As I grew up, I was never very keen on spicy foods. I would watch my mother and brother eating very spicy curries, and biting into fresh bird's eye chillies, both intrigued and incredulous about how anyone could enjoy inflicting pain on themselves, especially in an area as sensitive and significant to me as the palate.

Fast forward to my last year of uni, which I spent in an incredible adventure in Shanghai, China, where I made friends, not with Chinese people, but mostly with Korean foreign students. 
The university was a popular destination for Korean students, and consequently the foreign student canteen served a variety of traditional Korean dishes.

15 years later, I am still obsessed with the dish I kept going back to: a spicy soft tofu stew, or soondubu jjigae.
My Korean friends made me try it the first time, their answer to my objections about my dislike for spice being that spice gives you a "fresh" feel at the same time as being warming.
I wasn't entirely convinced but I had intuitively rationalised the concept in my mind, enough to give it a try.

The first mouthful was volcano hot, firstly in temperature, being served still bubbling in the earthenware pot that it was cooked in, burning my mouth and my tongue, and secondly in spice, the deep red colour having warned me of the dangers of the experience.
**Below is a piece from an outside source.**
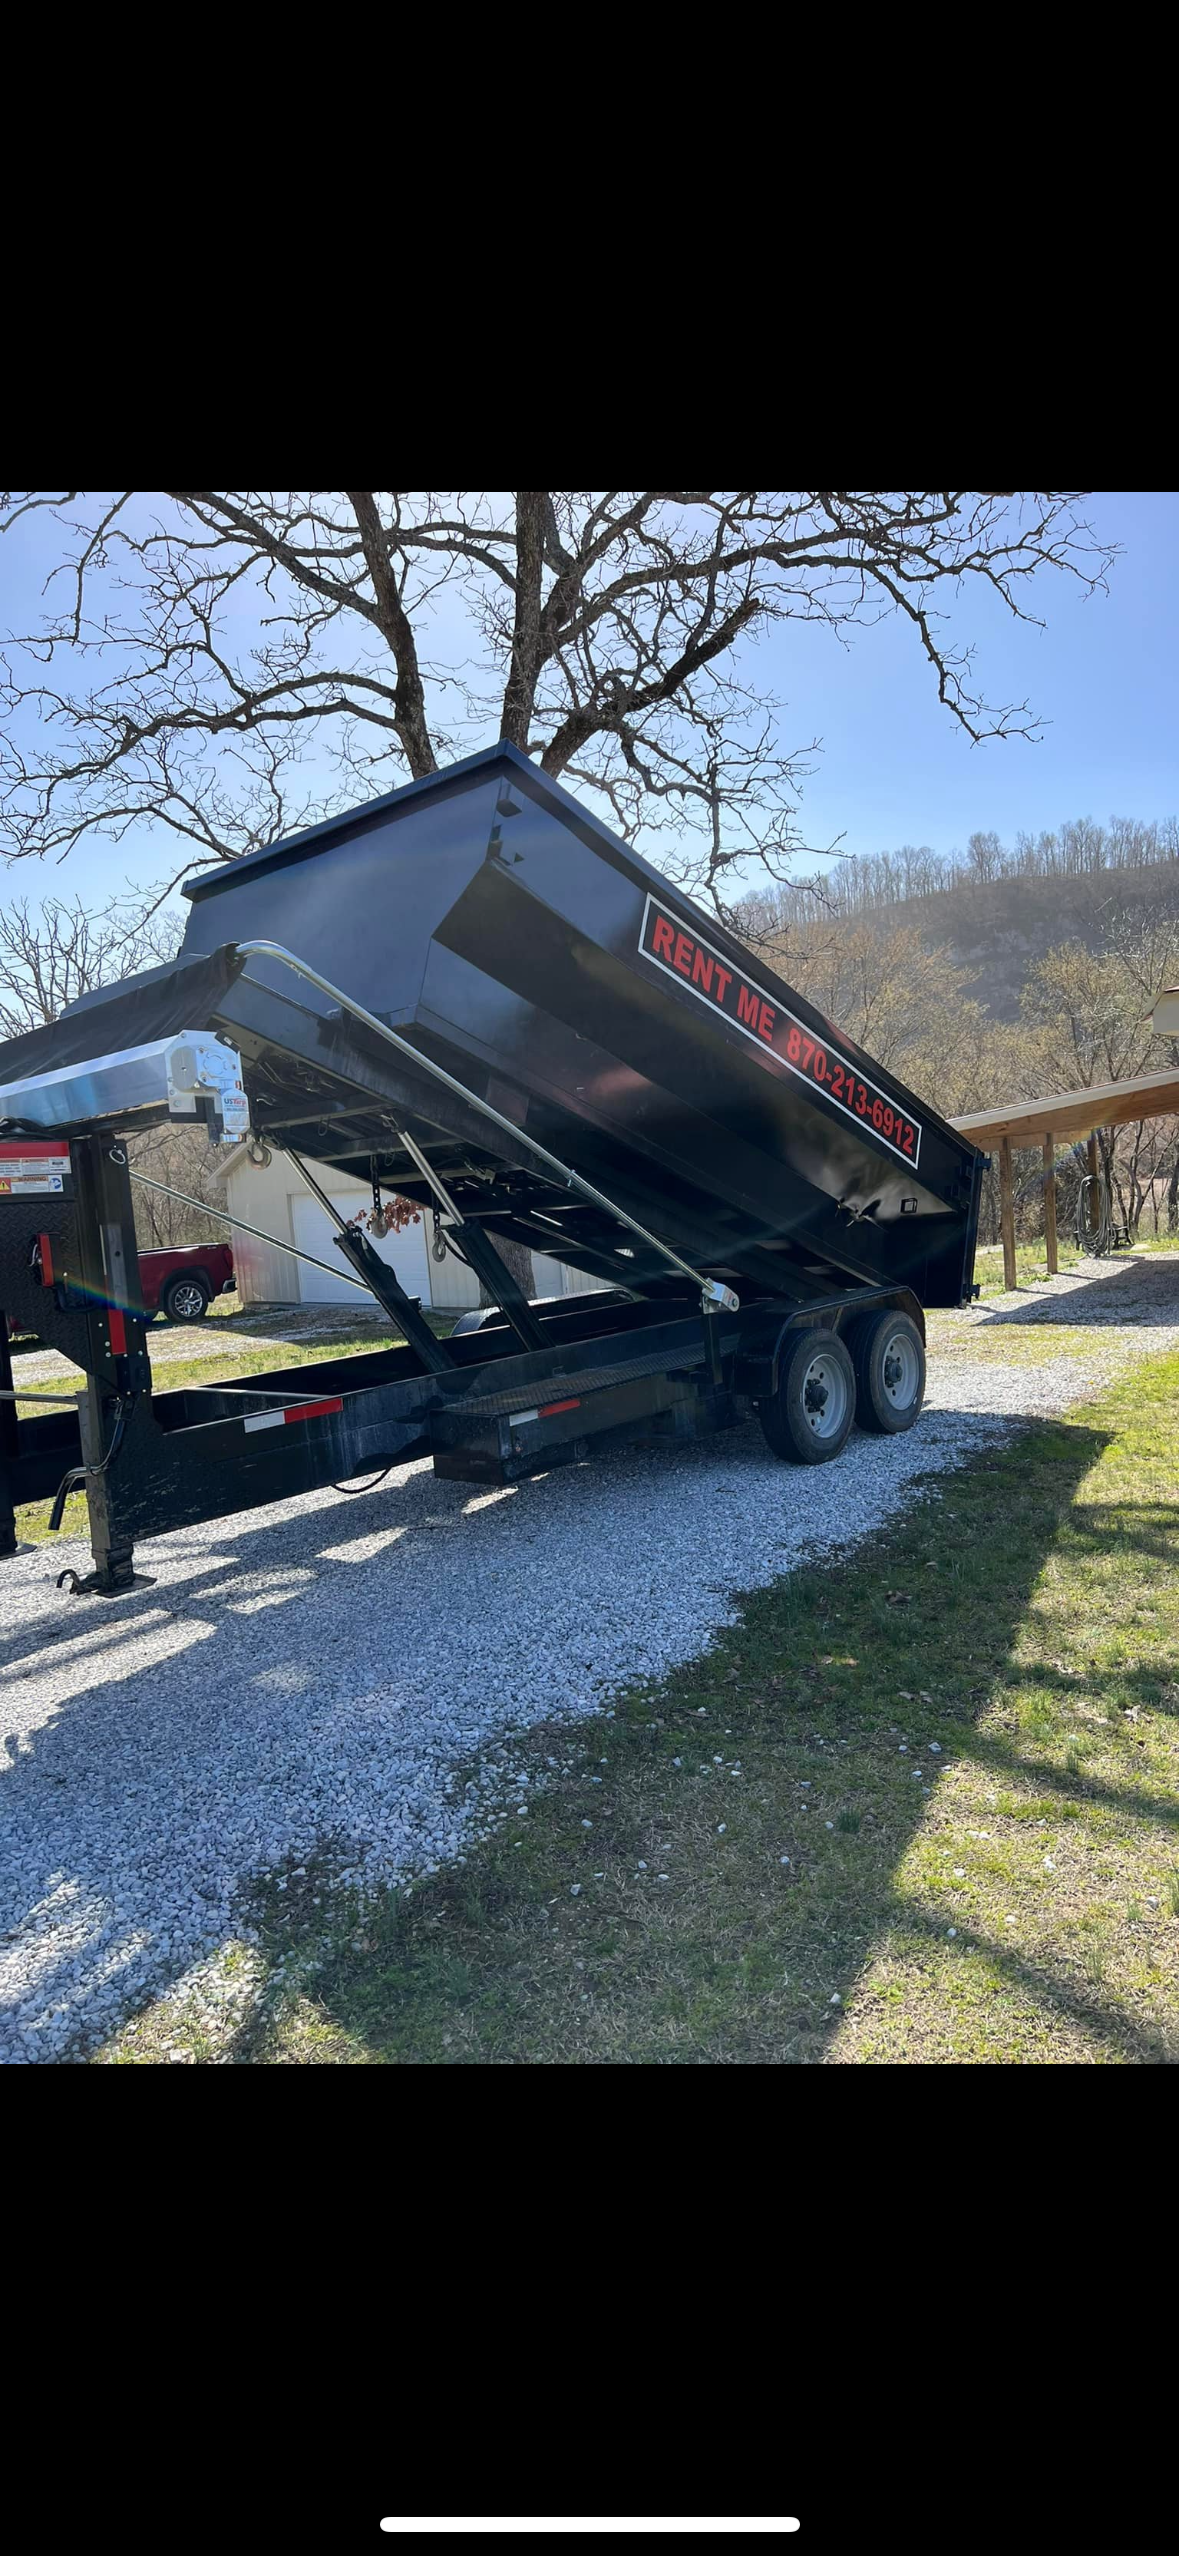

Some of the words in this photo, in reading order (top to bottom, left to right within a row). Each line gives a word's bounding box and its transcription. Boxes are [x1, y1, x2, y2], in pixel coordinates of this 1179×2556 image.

[653, 915, 732, 1003] RENT
[737, 985, 776, 1041] ME
[787, 1028, 914, 1155] 870-213-6912
I looked at my friends through a tear in my eye, they were nodding and smiling encouragingly. 
We didn't have a fluent language in common, but body and sign language, and facial expressions turned out to be very effective ways of communicating our appreciation for each other and other emotions that built and strengthened our friendship.
I went back for seconds, determined to share the experience they had described, another way that I had at my disposal to understand them better. 
Sweating and gulping air to cool my mouth down, I finished my bowl of stew, feeling proud that I had conquered the challenge, but also feeling that I had understood an area of the human experience which had been closed to me until then.
The burning spice in one's mouth isn't just pain, it triggers many other things in your body: the heat, the sweat, the struggle of your mouth to cool down enough to keep going for more, as a small challenge that builds your character and makes you feel strong and winning, and the endorphins releasing into your body, making you feel awake, warm and happy.
I had this stew again and again during my stay in Shanghai, developing a stronger understanding of the experience and each time, giving in a little more to the pleasures of this black bowl of red volcano.

Today I take pleasure in this dish for all these reasons, and an additional one, which is the nostalgic reminiscence of those days of sharing meaningful human experience with wonderful people with whom I didn't even have many common words to express myself or my feelings for them.
It reminds me that the human experience transcends borders and languages, and fills me with the belief that the human race is good and that the world is a wonderful place for us to experience.